Return the data below in full and exactly, except that the pictures are dropped.

BEGIN SUPPLIED MATERIAL

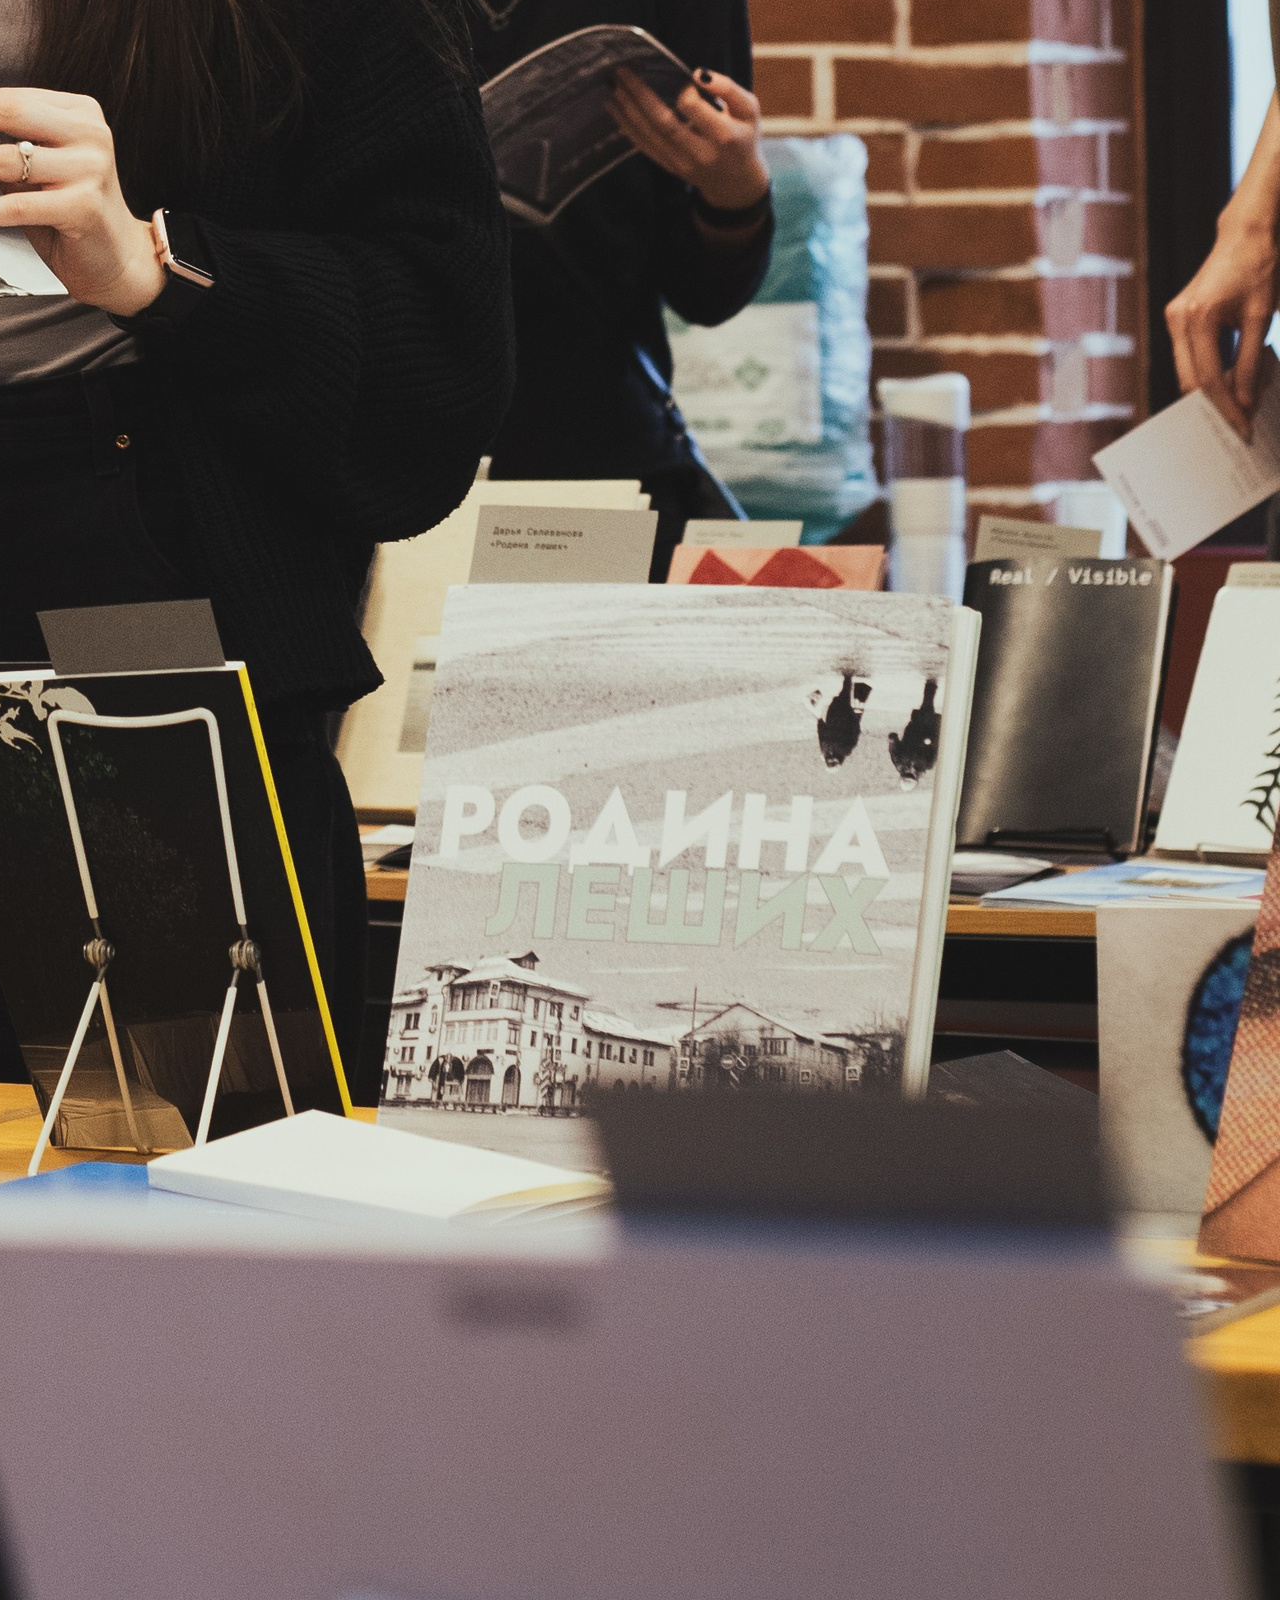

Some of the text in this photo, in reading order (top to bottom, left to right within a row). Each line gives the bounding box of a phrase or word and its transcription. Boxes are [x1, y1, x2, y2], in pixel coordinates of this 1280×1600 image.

[492, 526, 522, 536] Дарья
[989, 567, 1034, 585] Real
[1068, 567, 1153, 586] Visible
[440, 784, 890, 878] РОДИНА
[485, 863, 889, 955] ЛЕШИХ
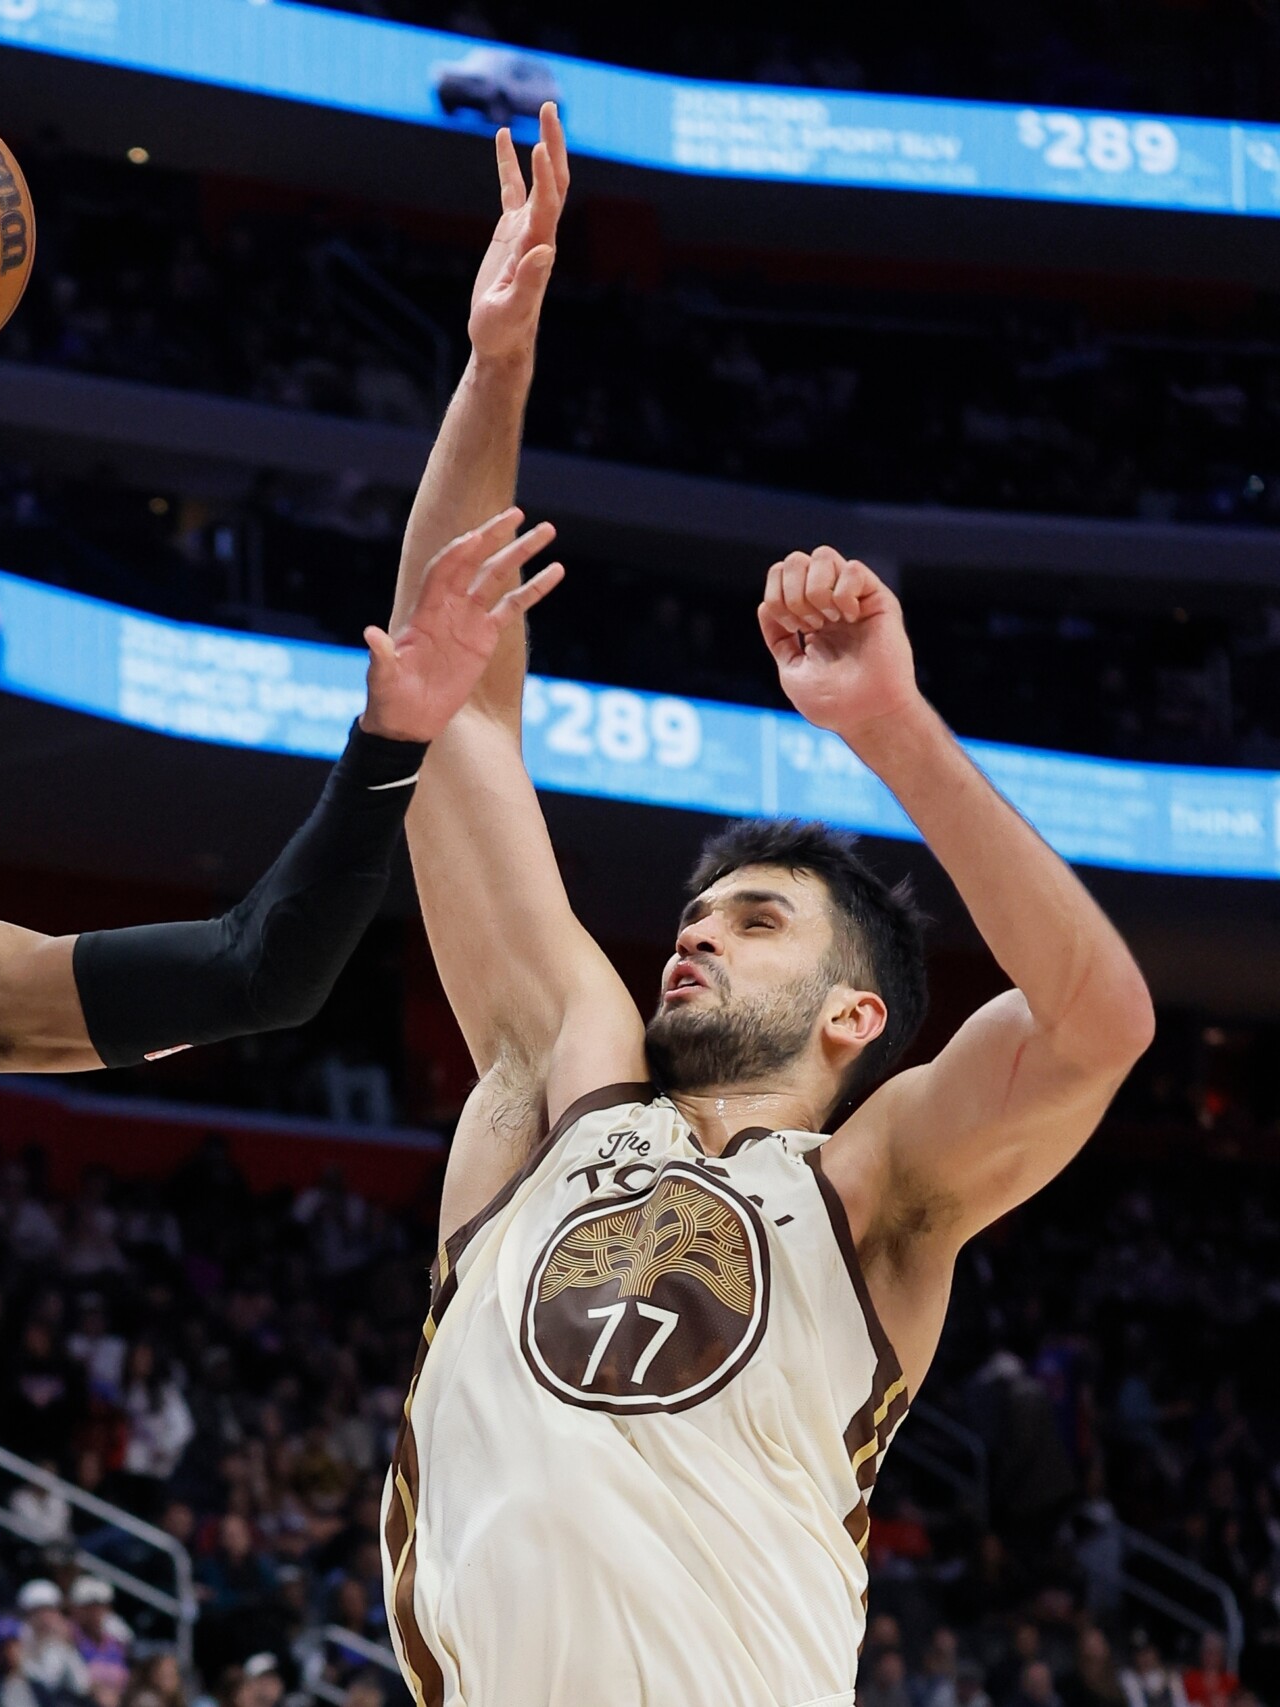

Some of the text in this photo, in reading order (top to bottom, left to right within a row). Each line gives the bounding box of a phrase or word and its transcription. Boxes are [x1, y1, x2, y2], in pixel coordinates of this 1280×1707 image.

[1016, 109, 1179, 175] $289
[598, 1130, 651, 1159] The
[580, 1301, 680, 1387] 77

END SUPPLIED MATERIAL

SOLUTION TO THIS PROBLEM
Some of the text in this photo, in reading order (top to bottom, left to right within a row). Each line gives the bounding box of a phrase or word and its transcription. Boxes are [x1, y1, x2, y2], in pixel coordinates of this 1280×1600 image.

[492, 526, 522, 536] Дарья
[989, 567, 1034, 585] Real
[1068, 567, 1153, 586] Visible
[440, 784, 890, 878] РОДИНА
[485, 863, 889, 955] ЛЕШИХ

Some of the text in this photo, in reading order (top to bottom, left to right within a row). Each line gives the bounding box of a phrase or word and its transcription. Boxes are [x1, y1, x2, y2], in pixel coordinates of this 1280×1707 image.

[1016, 109, 1179, 175] $289
[598, 1130, 651, 1159] The
[580, 1301, 680, 1387] 77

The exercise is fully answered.